The whole listing is to be written out again exactly; the pictures are not.

=== Material for this task ===
_ _ _ _
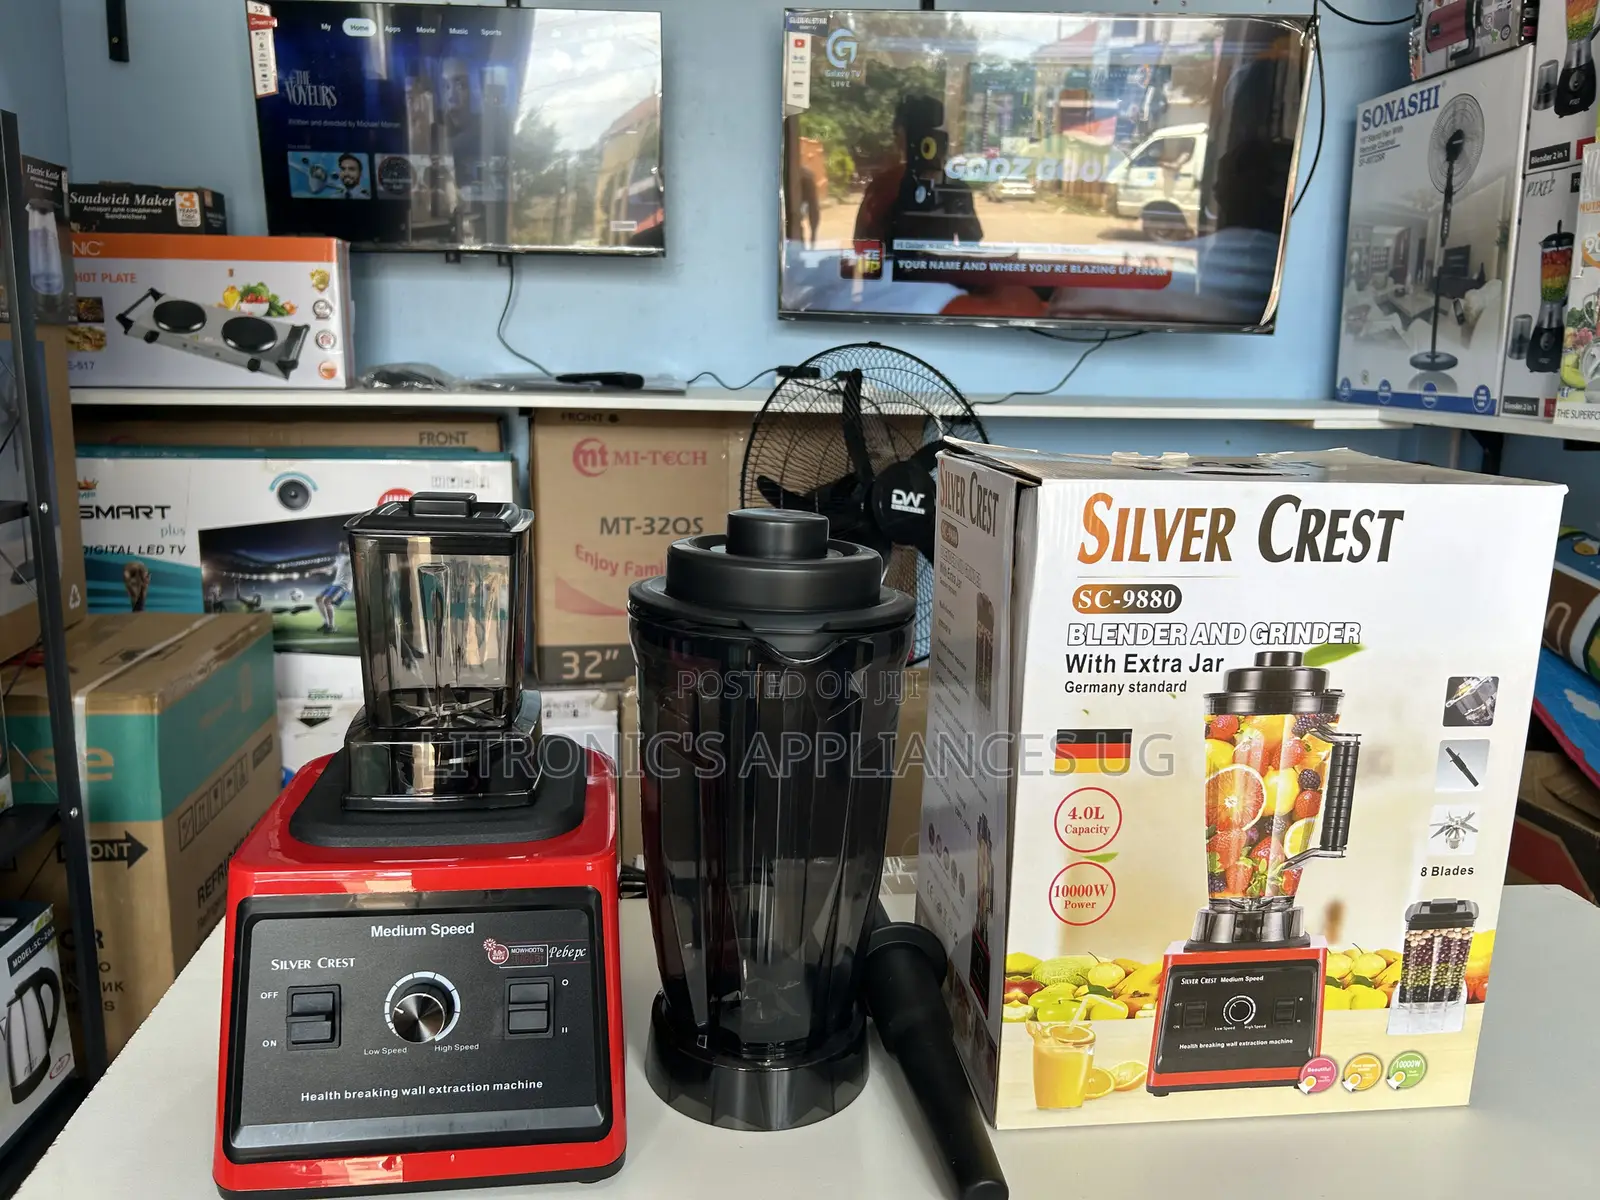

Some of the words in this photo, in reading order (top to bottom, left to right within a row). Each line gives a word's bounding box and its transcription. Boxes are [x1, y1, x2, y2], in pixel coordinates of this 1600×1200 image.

[321, 23, 331, 32] My
[350, 24, 369, 33] Home
[384, 25, 401, 35] Apps
[416, 26, 436, 34] Movie
[449, 27, 468, 35] Music
[481, 28, 502, 37] Sports
[292, 69, 311, 86] THE
[1362, 84, 1441, 133] SONASHI
[1531, 154, 1553, 165] Blender
[70, 192, 130, 205] Sandwich
[134, 193, 174, 206] Maker
[179, 191, 196, 208] 3
[898, 259, 927, 270] YOUR
[929, 260, 960, 271] NAME
[963, 261, 987, 271] AND
[989, 262, 1027, 273] WHERE
[1028, 263, 1068, 274] YOU'RE
[1070, 264, 1117, 275] BLAZING
[1119, 266, 1134, 275] UP
[1136, 267, 1168, 276] FROM
[75, 272, 97, 284] HOT
[101, 272, 137, 284] PLATE
[560, 412, 604, 423] FRONT
[1557, 408, 1569, 419] THE
[419, 431, 469, 446] FRONT
[940, 459, 967, 519] SILVER
[969, 471, 1000, 538] CREST
[79, 504, 171, 520] SMART
[161, 523, 186, 539] plus
[600, 516, 704, 537] MT-32QS
[1077, 492, 1237, 565] SILVER
[1258, 493, 1406, 565] CREST
[138, 545, 165, 556] LED
[168, 545, 187, 556] TV
[575, 544, 619, 578] Enjoy
[624, 560, 667, 579] Fami
[1077, 588, 1177, 610] SC-9880
[1067, 622, 1188, 647] BLENDER
[1190, 622, 1248, 646] AND
[1250, 621, 1362, 647] GRINDER
[1065, 653, 1120, 674] With
[1123, 653, 1183, 674] Extra
[1189, 653, 1225, 674] Jar
[1064, 680, 1125, 696] Germany
[1128, 680, 1188, 693] standard
[1067, 806, 1106, 821] 4.0L
[1064, 824, 1111, 837] Capacity
[1420, 866, 1428, 878] 8
[1431, 865, 1475, 877] Blades
[1053, 884, 1109, 898] 10000W
[1064, 899, 1097, 910] Power
[370, 925, 427, 938] Medium
[430, 922, 475, 938] Speed
[271, 958, 312, 971] SILVER
[317, 956, 356, 969] CREST
[1180, 977, 1199, 986] SILVER
[1200, 975, 1218, 985] CREST
[1220, 976, 1244, 984] Medium
[1245, 975, 1264, 983] Speed
[260, 991, 279, 1000] OFF
[262, 1039, 277, 1048] ON
[434, 1044, 453, 1054] High
[454, 1043, 480, 1053] Speed
[1199, 1041, 1225, 1050] breaking
[1226, 1040, 1238, 1048] wall
[1239, 1039, 1268, 1047] extraction
[1268, 1038, 1294, 1046] machine
[363, 1048, 380, 1056] Low
[381, 1046, 408, 1056] Speed
[1307, 1066, 1332, 1074] Beautiful
[1396, 1060, 1421, 1069] 10000W
[300, 1091, 341, 1102] Health
[344, 1087, 399, 1100] breaking
[401, 1085, 426, 1097] wall
[428, 1081, 491, 1095] extraction
[493, 1079, 544, 1091] machine
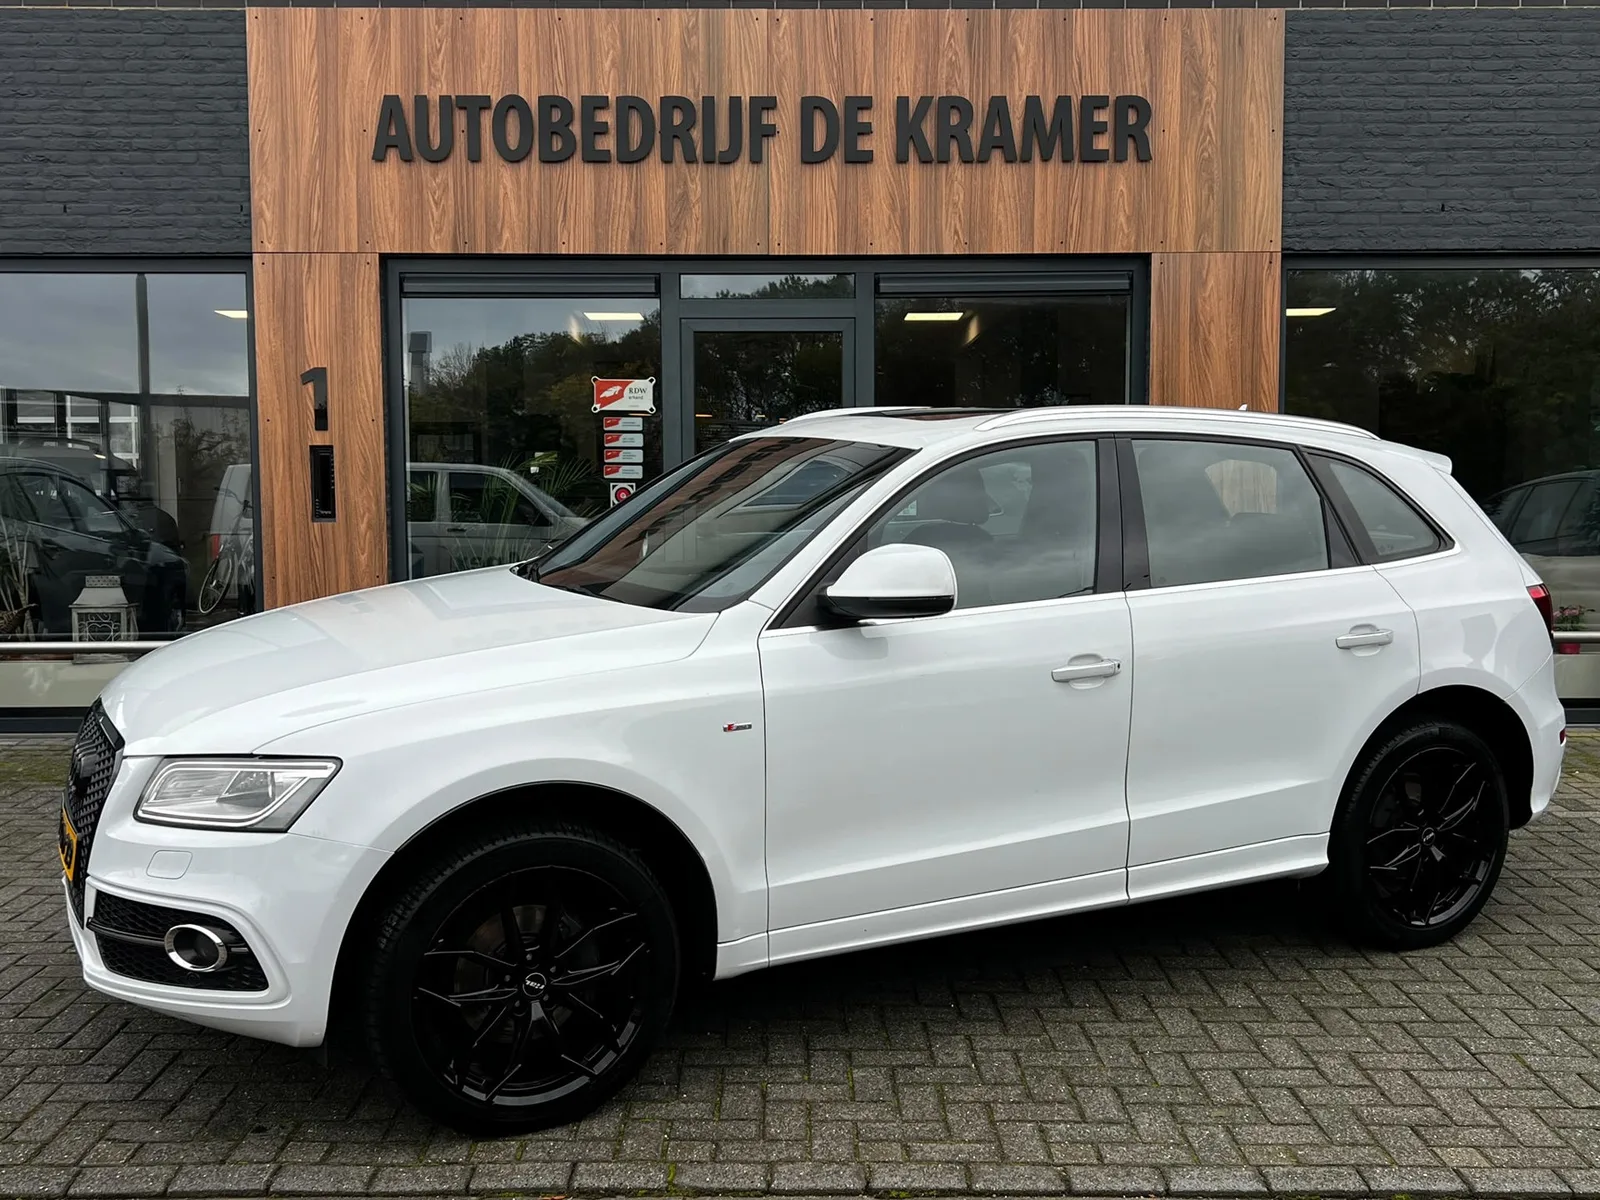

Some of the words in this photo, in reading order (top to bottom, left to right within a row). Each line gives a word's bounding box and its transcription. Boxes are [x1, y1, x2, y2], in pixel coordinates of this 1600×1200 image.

[372, 95, 778, 165] AUTOBEDRIJF
[800, 95, 874, 165] DE
[895, 95, 1153, 165] KRAMER
[300, 367, 328, 431] 1
[628, 387, 648, 395] RDW
_ _ _ _
=== Task result ===
Some of the words in this photo, in reading order (top to bottom, left to right within a row). Each line gives a word's bounding box and its transcription. Boxes are [x1, y1, x2, y2], in pixel coordinates of this 1600×1200 image.

[321, 23, 331, 32] My
[350, 24, 369, 33] Home
[384, 25, 401, 35] Apps
[416, 26, 436, 34] Movie
[449, 27, 468, 35] Music
[481, 28, 502, 37] Sports
[292, 69, 311, 86] THE
[1362, 84, 1441, 133] SONASHI
[1531, 154, 1553, 165] Blender
[70, 192, 130, 205] Sandwich
[134, 193, 174, 206] Maker
[179, 191, 196, 208] 3
[898, 259, 927, 270] YOUR
[929, 260, 960, 271] NAME
[963, 261, 987, 271] AND
[989, 262, 1027, 273] WHERE
[1028, 263, 1068, 274] YOU'RE
[1070, 264, 1117, 275] BLAZING
[1119, 266, 1134, 275] UP
[1136, 267, 1168, 276] FROM
[75, 272, 97, 284] HOT
[101, 272, 137, 284] PLATE
[560, 412, 604, 423] FRONT
[1557, 408, 1569, 419] THE
[419, 431, 469, 446] FRONT
[940, 459, 967, 519] SILVER
[969, 471, 1000, 538] CREST
[79, 504, 171, 520] SMART
[161, 523, 186, 539] plus
[600, 516, 704, 537] MT-32QS
[1077, 492, 1237, 565] SILVER
[1258, 493, 1406, 565] CREST
[138, 545, 165, 556] LED
[168, 545, 187, 556] TV
[575, 544, 619, 578] Enjoy
[624, 560, 667, 579] Fami
[1077, 588, 1177, 610] SC-9880
[1067, 622, 1188, 647] BLENDER
[1190, 622, 1248, 646] AND
[1250, 621, 1362, 647] GRINDER
[1065, 653, 1120, 674] With
[1123, 653, 1183, 674] Extra
[1189, 653, 1225, 674] Jar
[1064, 680, 1125, 696] Germany
[1128, 680, 1188, 693] standard
[1067, 806, 1106, 821] 4.0L
[1064, 824, 1111, 837] Capacity
[1420, 866, 1428, 878] 8
[1431, 865, 1475, 877] Blades
[1053, 884, 1109, 898] 10000W
[1064, 899, 1097, 910] Power
[370, 925, 427, 938] Medium
[430, 922, 475, 938] Speed
[271, 958, 312, 971] SILVER
[317, 956, 356, 969] CREST
[1180, 977, 1199, 986] SILVER
[1200, 975, 1218, 985] CREST
[1220, 976, 1244, 984] Medium
[1245, 975, 1264, 983] Speed
[260, 991, 279, 1000] OFF
[262, 1039, 277, 1048] ON
[434, 1044, 453, 1054] High
[454, 1043, 480, 1053] Speed
[1199, 1041, 1225, 1050] breaking
[1226, 1040, 1238, 1048] wall
[1239, 1039, 1268, 1047] extraction
[1268, 1038, 1294, 1046] machine
[363, 1048, 380, 1056] Low
[381, 1046, 408, 1056] Speed
[1307, 1066, 1332, 1074] Beautiful
[1396, 1060, 1421, 1069] 10000W
[300, 1091, 341, 1102] Health
[344, 1087, 399, 1100] breaking
[401, 1085, 426, 1097] wall
[428, 1081, 491, 1095] extraction
[493, 1079, 544, 1091] machine

Some of the words in this photo, in reading order (top to bottom, left to right within a row). Each line gives a word's bounding box and its transcription. Boxes are [x1, y1, x2, y2], in pixel coordinates of this 1600×1200 image.

[372, 95, 778, 165] AUTOBEDRIJF
[800, 95, 874, 165] DE
[895, 95, 1153, 165] KRAMER
[300, 367, 328, 431] 1
[628, 387, 648, 395] RDW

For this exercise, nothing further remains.